• **Provided material**:
<<<<

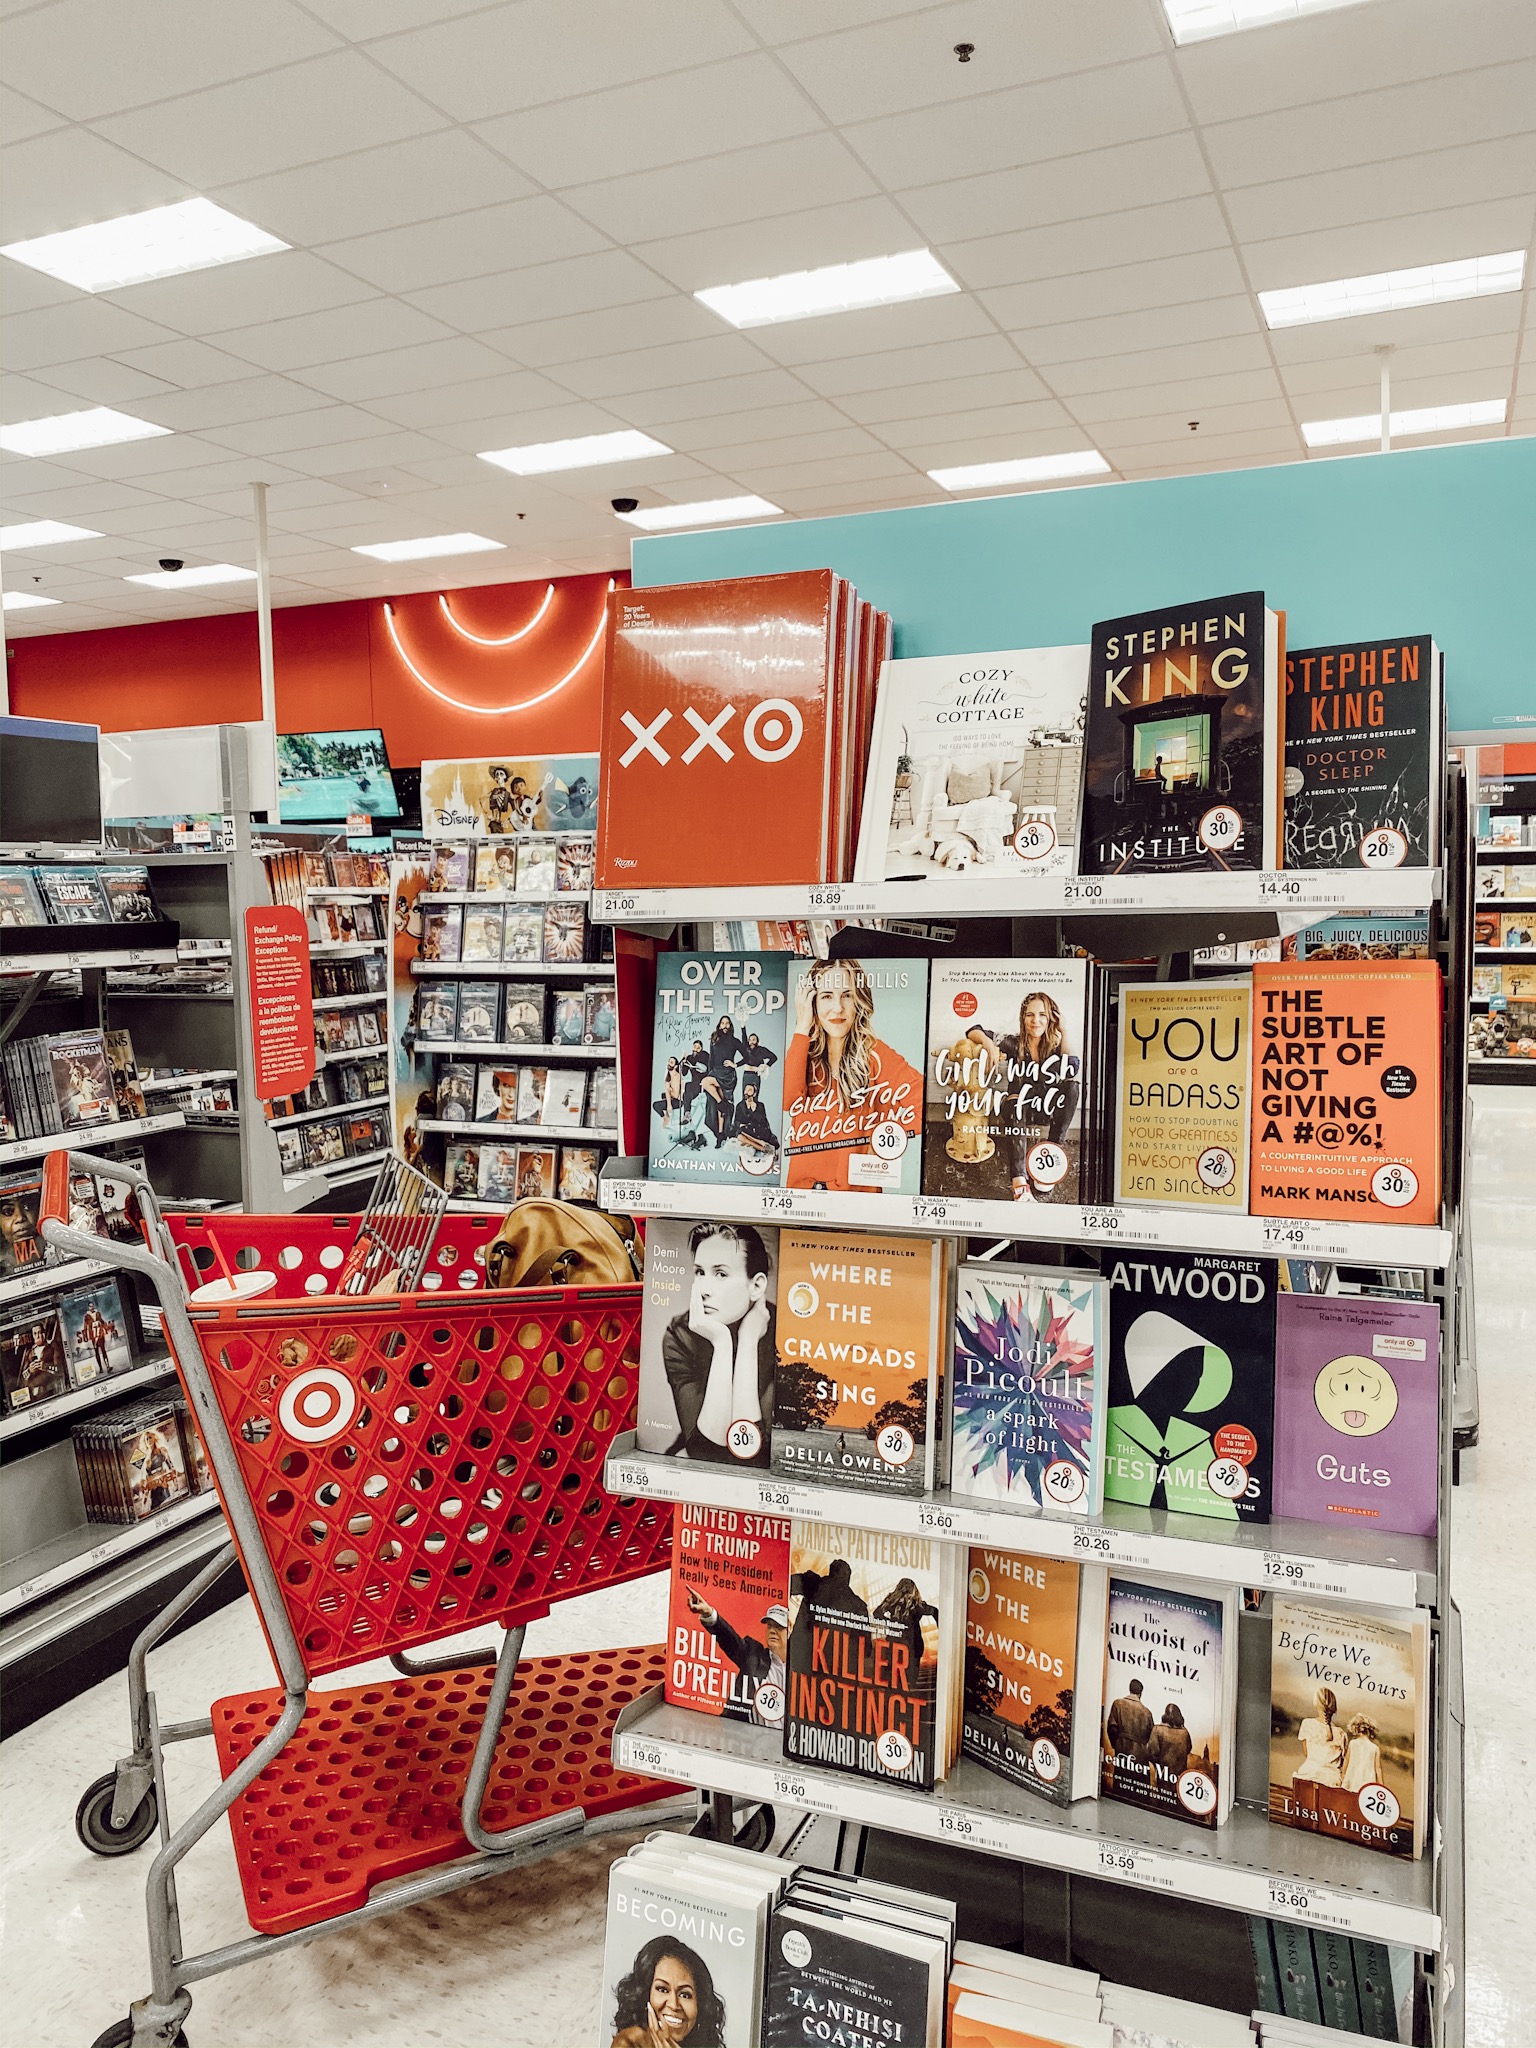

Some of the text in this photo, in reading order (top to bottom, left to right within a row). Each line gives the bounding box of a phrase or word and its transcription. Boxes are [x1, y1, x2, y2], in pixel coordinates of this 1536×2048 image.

[623, 619, 654, 629] of Design
[632, 612, 650, 620] Years
[1106, 612, 1246, 661] STEPHEN
[959, 670, 1014, 685] COZY
[1104, 647, 1250, 709] KING
[956, 684, 1009, 707] white
[936, 707, 1025, 724] COTTAGE
[1311, 690, 1385, 732] KING
[1306, 747, 1387, 766] DOCTOR
[1319, 766, 1374, 781] SLEEP
[223, 820, 234, 846] F15
[1161, 825, 1179, 833] THE
[396, 841, 417, 851] Recent
[1100, 832, 1245, 862] INSTITUE
[808, 893, 841, 905] 18.89
[1064, 885, 1102, 898] 21.00
[1259, 882, 1301, 896] 14.40
[605, 900, 635, 910] 21.00
[253, 924, 278, 935] Refund/
[254, 934, 303, 945] Exchange Policy
[1305, 930, 1428, 942] BIG. JUICY. DELICIOUS
[255, 946, 288, 956] Exceptions
[680, 960, 763, 986] OVER
[798, 972, 909, 989] RACHEL HOLLIS
[258, 994, 296, 1006] Excepciones
[659, 989, 786, 1015] THE TOP
[1261, 990, 1323, 1013] THE
[259, 1025, 298, 1037] devoluciones
[1261, 1016, 1386, 1039] SUBTLE
[1131, 1017, 1240, 1062] YOU
[1261, 1042, 1383, 1066] ART OF
[935, 1048, 1075, 1089] Girl, wash
[1167, 1067, 1198, 1076] are a
[1262, 1068, 1329, 1091] NOT
[789, 1081, 911, 1117] GIRL, STOP
[945, 1083, 1066, 1121] your face
[1261, 1094, 1377, 1119] GIVING
[785, 1104, 916, 1143] APOLOGIZING
[962, 1125, 1041, 1137] RACHEL HOLLIS
[1261, 1120, 1283, 1143] A
[1128, 1127, 1238, 1143] YOUR GREATNESS
[651, 1158, 743, 1173] JONATHAN VAN
[1129, 1176, 1156, 1191] JEN
[1261, 1185, 1310, 1200] MARK
[613, 1190, 642, 1201] 19.59
[762, 1197, 793, 1209] 17.49
[913, 1206, 946, 1218] 17.49
[1081, 1216, 1118, 1229] 12.80
[1263, 1229, 1304, 1242] 17.49
[13, 1238, 41, 1265] MA
[653, 1245, 679, 1258] Demi
[652, 1261, 686, 1275] Moore
[809, 1262, 892, 1287] WHERE
[1194, 1257, 1261, 1273] MARGARET
[651, 1277, 681, 1292] Inside
[1110, 1261, 1266, 1304] ATWOOD
[651, 1293, 670, 1306] Out
[826, 1302, 872, 1325] THE
[1319, 1312, 1394, 1327] Raina Telgemeier
[784, 1337, 916, 1370] CRAWDADS
[994, 1337, 1051, 1365] Jodi
[963, 1357, 1087, 1401] Picoult
[816, 1381, 877, 1406] SING
[986, 1409, 1060, 1431] a spark
[985, 1430, 1058, 1455] of light
[1117, 1443, 1136, 1456] THE
[785, 1445, 835, 1465] DELIA
[620, 1473, 649, 1485] 19.59
[1316, 1453, 1392, 1487] Guts
[758, 1491, 789, 1505] 18.20
[681, 1504, 738, 1533] UNITED
[919, 1513, 952, 1528] 13.60
[1333, 1505, 1380, 1517] SCHOLASTIC
[681, 1527, 761, 1561] OF TRUMP
[797, 1521, 931, 1571] JAMES PATTERSON
[1073, 1535, 1110, 1550] 20.26
[680, 1551, 773, 1581] How the President
[983, 1550, 1046, 1590] WHERE
[1264, 1562, 1304, 1579] 12.99
[679, 1567, 784, 1600] Really Sees America
[994, 1593, 1030, 1624] THE
[1143, 1612, 1160, 1625] The
[674, 1626, 722, 1664] BILL
[966, 1621, 1063, 1678] CRAWDADS
[1110, 1621, 1209, 1656] attooist of
[1278, 1631, 1371, 1667] Before We
[812, 1625, 909, 1692] KILLER
[987, 1669, 1032, 1706] SING
[1305, 1660, 1407, 1701] Were Yours
[790, 1671, 927, 1746] INSTINCT
[788, 1722, 855, 1767] & HOWARD
[964, 1724, 1000, 1755] DELIA
[632, 1750, 661, 1765] 19.60
[775, 1781, 805, 1797] 19.60
[938, 1818, 972, 1834] 13.59
[1283, 1798, 1399, 1844] Lisa Wingate
[1098, 1853, 1135, 1871] 13.59
[1269, 1890, 1308, 1908] 13.60
[616, 1892, 746, 1947] BECOMING
[801, 1971, 894, 2007] BETWEEN THE WORLD AND ME
[789, 1986, 903, 2042] TA-NEHISI

>>>>

• **Exercise objective**: Without including the pictures, return each record above exactly as it stands.

• **Answer for the task**:
Some of the text in this photo, in reading order (top to bottom, left to right within a row). Each line gives the bounding box of a phrase or word and its transcription. Boxes are [x1, y1, x2, y2], in pixel coordinates of this 1536×2048 image.

[623, 619, 654, 629] of Design
[632, 612, 650, 620] Years
[1106, 612, 1246, 661] STEPHEN
[959, 670, 1014, 685] COZY
[1104, 647, 1250, 709] KING
[956, 684, 1009, 707] white
[936, 707, 1025, 724] COTTAGE
[1311, 690, 1385, 732] KING
[1306, 747, 1387, 766] DOCTOR
[1319, 766, 1374, 781] SLEEP
[223, 820, 234, 846] F15
[1161, 825, 1179, 833] THE
[396, 841, 417, 851] Recent
[1100, 832, 1245, 862] INSTITUE
[808, 893, 841, 905] 18.89
[1064, 885, 1102, 898] 21.00
[1259, 882, 1301, 896] 14.40
[605, 900, 635, 910] 21.00
[253, 924, 278, 935] Refund/
[254, 934, 303, 945] Exchange Policy
[1305, 930, 1428, 942] BIG. JUICY. DELICIOUS
[255, 946, 288, 956] Exceptions
[680, 960, 763, 986] OVER
[798, 972, 909, 989] RACHEL HOLLIS
[258, 994, 296, 1006] Excepciones
[659, 989, 786, 1015] THE TOP
[1261, 990, 1323, 1013] THE
[259, 1025, 298, 1037] devoluciones
[1261, 1016, 1386, 1039] SUBTLE
[1131, 1017, 1240, 1062] YOU
[1261, 1042, 1383, 1066] ART OF
[935, 1048, 1075, 1089] Girl, wash
[1167, 1067, 1198, 1076] are a
[1262, 1068, 1329, 1091] NOT
[789, 1081, 911, 1117] GIRL, STOP
[945, 1083, 1066, 1121] your face
[1261, 1094, 1377, 1119] GIVING
[785, 1104, 916, 1143] APOLOGIZING
[962, 1125, 1041, 1137] RACHEL HOLLIS
[1261, 1120, 1283, 1143] A
[1128, 1127, 1238, 1143] YOUR GREATNESS
[651, 1158, 743, 1173] JONATHAN VAN
[1129, 1176, 1156, 1191] JEN
[1261, 1185, 1310, 1200] MARK
[613, 1190, 642, 1201] 19.59
[762, 1197, 793, 1209] 17.49
[913, 1206, 946, 1218] 17.49
[1081, 1216, 1118, 1229] 12.80
[1263, 1229, 1304, 1242] 17.49
[13, 1238, 41, 1265] MA
[653, 1245, 679, 1258] Demi
[652, 1261, 686, 1275] Moore
[809, 1262, 892, 1287] WHERE
[1194, 1257, 1261, 1273] MARGARET
[651, 1277, 681, 1292] Inside
[1110, 1261, 1266, 1304] ATWOOD
[651, 1293, 670, 1306] Out
[826, 1302, 872, 1325] THE
[1319, 1312, 1394, 1327] Raina Telgemeier
[784, 1337, 916, 1370] CRAWDADS
[994, 1337, 1051, 1365] Jodi
[963, 1357, 1087, 1401] Picoult
[816, 1381, 877, 1406] SING
[986, 1409, 1060, 1431] a spark
[985, 1430, 1058, 1455] of light
[1117, 1443, 1136, 1456] THE
[785, 1445, 835, 1465] DELIA
[620, 1473, 649, 1485] 19.59
[1316, 1453, 1392, 1487] Guts
[758, 1491, 789, 1505] 18.20
[681, 1504, 738, 1533] UNITED
[919, 1513, 952, 1528] 13.60
[1333, 1505, 1380, 1517] SCHOLASTIC
[681, 1527, 761, 1561] OF TRUMP
[797, 1521, 931, 1571] JAMES PATTERSON
[1073, 1535, 1110, 1550] 20.26
[680, 1551, 773, 1581] How the President
[983, 1550, 1046, 1590] WHERE
[1264, 1562, 1304, 1579] 12.99
[679, 1567, 784, 1600] Really Sees America
[994, 1593, 1030, 1624] THE
[1143, 1612, 1160, 1625] The
[674, 1626, 722, 1664] BILL
[966, 1621, 1063, 1678] CRAWDADS
[1110, 1621, 1209, 1656] attooist of
[1278, 1631, 1371, 1667] Before We
[812, 1625, 909, 1692] KILLER
[987, 1669, 1032, 1706] SING
[1305, 1660, 1407, 1701] Were Yours
[790, 1671, 927, 1746] INSTINCT
[788, 1722, 855, 1767] & HOWARD
[964, 1724, 1000, 1755] DELIA
[632, 1750, 661, 1765] 19.60
[775, 1781, 805, 1797] 19.60
[938, 1818, 972, 1834] 13.59
[1283, 1798, 1399, 1844] Lisa Wingate
[1098, 1853, 1135, 1871] 13.59
[1269, 1890, 1308, 1908] 13.60
[616, 1892, 746, 1947] BECOMING
[801, 1971, 894, 2007] BETWEEN THE WORLD AND ME
[789, 1986, 903, 2042] TA-NEHISI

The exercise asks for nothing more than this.